Some troops and stores were unloaded in Port Adelaide and there was some shore leave. ‘Bluey, Green and I quaffed the odd measure or two of ale at a little waterfront pub and never did get to see the City of Churches.’
In Melbourne the returning troops helped unload stores and the Victorians disembarked (there was no leave for New South Welshmen). The waterside workers put Bob and Bluey on shore in a cargo net. ‘I went into the city and had a yarn with my uncle. On the way back to the ship I had a walk through the city which was teeming with Yanks. Nearly every doorway had a Yank or Yanks canoodling with giggling girls. Melbourne was like Sister Street in Alexandria run riot.’

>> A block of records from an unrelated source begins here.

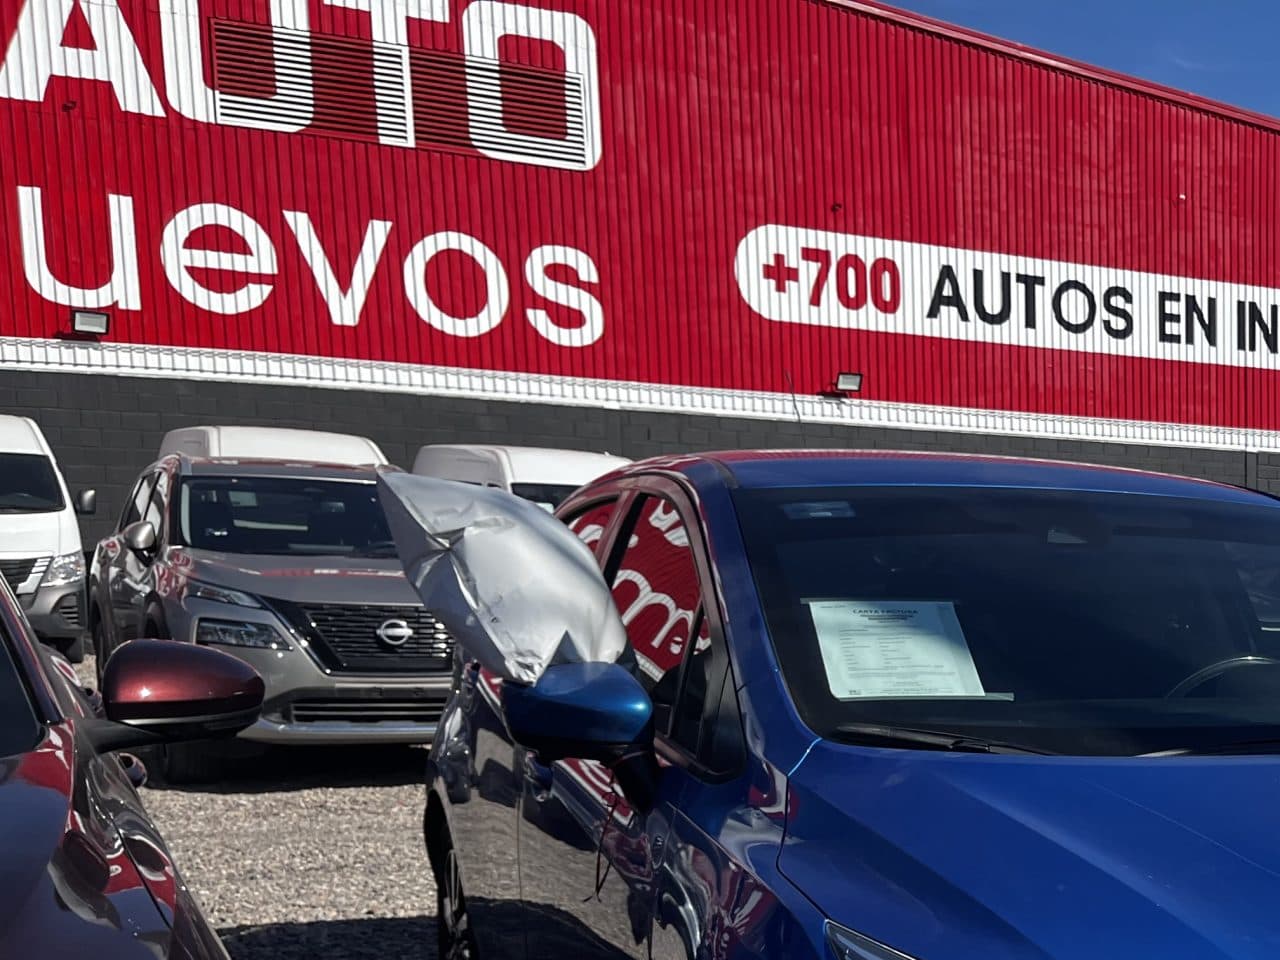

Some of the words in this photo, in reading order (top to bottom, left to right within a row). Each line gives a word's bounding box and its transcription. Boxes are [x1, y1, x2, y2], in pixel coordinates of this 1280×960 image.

[0, 0, 602, 170] AUTO
[16, 185, 604, 347] uevos
[762, 246, 901, 314] +700
[926, 264, 1134, 340] AUTOS
[1158, 290, 1217, 348] EN

Duntroon left Melbourne and sailed along the coast to arrive outside Sydney’s Port Jackson on the afternoon of 31 May. After waiting outside the harbour for some hours, they came in through the Heads in company with a Dutch naval vessel, the hospital ship Orangie. Apparently three Japanese midget submarines had followed Duntroon into Sydney Harbour, which was full of Allied shipping and warships. All hell broke loose in the harbour that Sunday night but the only damage the submarines caused was the sinking at its Garden Island moorings of the wooden ferry HMAS Kuttabul. There were a number of casualties among the seamen on board the tender. Two of the midget submarines were sunk and the location of the third remained unknown until it was discovered off Sydney’s Newport Beach in 2006.